Last Call for LastPass
We examine the flaws endemic to LastPass' product, and their bungled response to and disclosure of their recent compromise.
As many of you would have already heard, the August breach of LastPass was revealed to have been much worse than originally thought with unencrypted customer data and encrypted password vaults now confirmed to have been nicked by the attackers.
It's hard to see how this update - the third since their initial disclosure of the breach - wasn't designed to obfuscate the impact and shift blame to customers, with its release coinciding perfectly with the beginning of the end-of-year holiday season.
I've held off on publishing anything on the topic as I was hoping LastPass would come clean on their shoddy handling of the disclosure, but despite a deluge of bad press on the matter, they've kept silent.
Hence, this post.
I'll start with a quick summary of what's happened so far, before highlighting the impact LastPass' systemic inaction and evasiveness has had on their customers and business. I’ll close by addressing the ongoing viability of LastPass as both a product, and a vendor, and what this means for the future of password managers as a security measure.
TL;DR:
After discovering evidence of compromise in their developer environment in August 2022, LastPass investigated and reported they evicted the attackers after just four days - no customer data/password vaults were affected, and the hackers only got their hands on a bit of source code and some "technical information". No worries.

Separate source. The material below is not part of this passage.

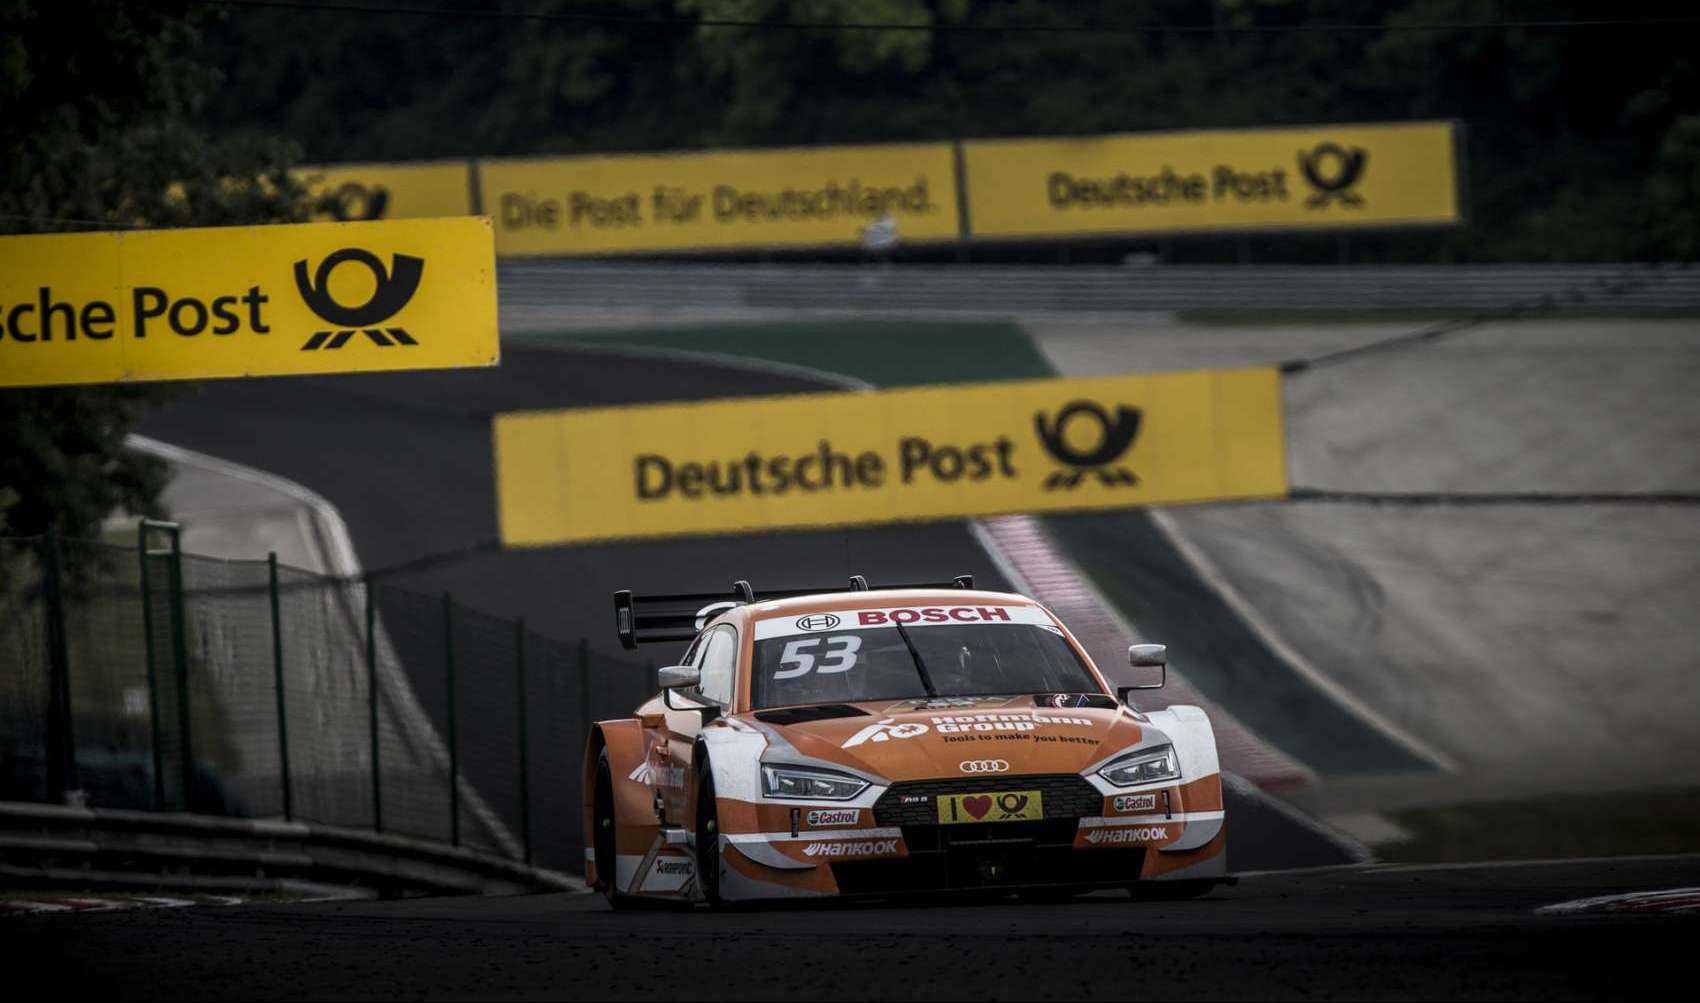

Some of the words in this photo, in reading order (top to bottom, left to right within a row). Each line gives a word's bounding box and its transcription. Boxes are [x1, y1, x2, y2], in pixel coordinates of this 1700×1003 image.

Except that despite claims by CEO Karim Toubba that the network was "physically separated" and that they had since deployed additional "enhanced security controls" and monitoring, we've now learned that the attackers were somehow still able to pivot into their cloud-based storage and retrieve the very data LastPass was meant to protect - customer password vaults.

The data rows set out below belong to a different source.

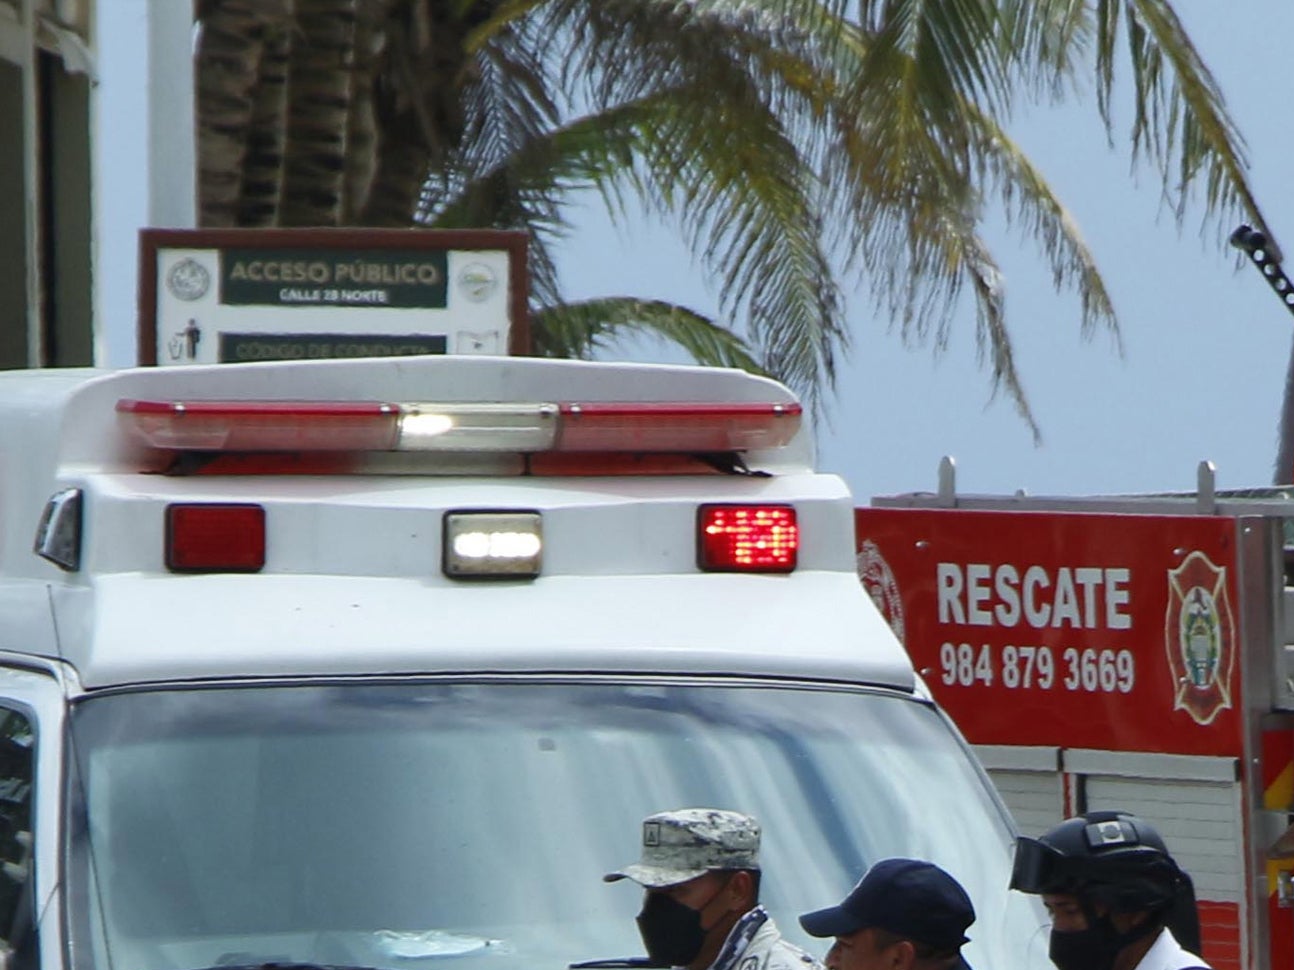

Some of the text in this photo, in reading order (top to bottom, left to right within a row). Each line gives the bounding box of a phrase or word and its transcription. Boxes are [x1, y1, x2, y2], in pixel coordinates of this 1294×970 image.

[231, 259, 438, 284] ACCESO PÚBLICO
[279, 288, 320, 301] CALLE
[342, 289, 387, 302] NORTE
[937, 562, 1132, 630] RESCATE
[940, 643, 1135, 693] 984 879 3669

Their latest advisory found the attackers leveraged the information stolen from their original compromise of their development environment in order to obtain "credentials and keys [from another employee] which were used to access and decrypt some storage volumes within the cloud-based storage service."
While unknown, it's possible this lateral movement could have been achieved through something as simple as a hard-coded password in a script, pilfered from the development environment in the initial intrusion.
What went wrong?
When considering the events that brought us to this point, a number of failings are apparent in three distinct areas:
The product - specifically, its use of outdated and inconsistent encryption implementations and master password complexity requirements. Futhermore, LastPass' assurances that the hackers would have trouble cracking stolen password vaults hinges entirely on customers adopting "best practices" for security;
The response - the security team appear to have fixated on securing their source code and Production environment. This diversion of resources ultimately meant they were unable to mitigate or identify the attacker's lateral movement into their cloud environment and consequently - to secure their crown jewels;
The disclosure - getting lawyers to draft a damage-minimising advisory that shifts blame and understates the risk to users; releasing it three days before Christmas and without any meaningful outcome or means of recourse for customers.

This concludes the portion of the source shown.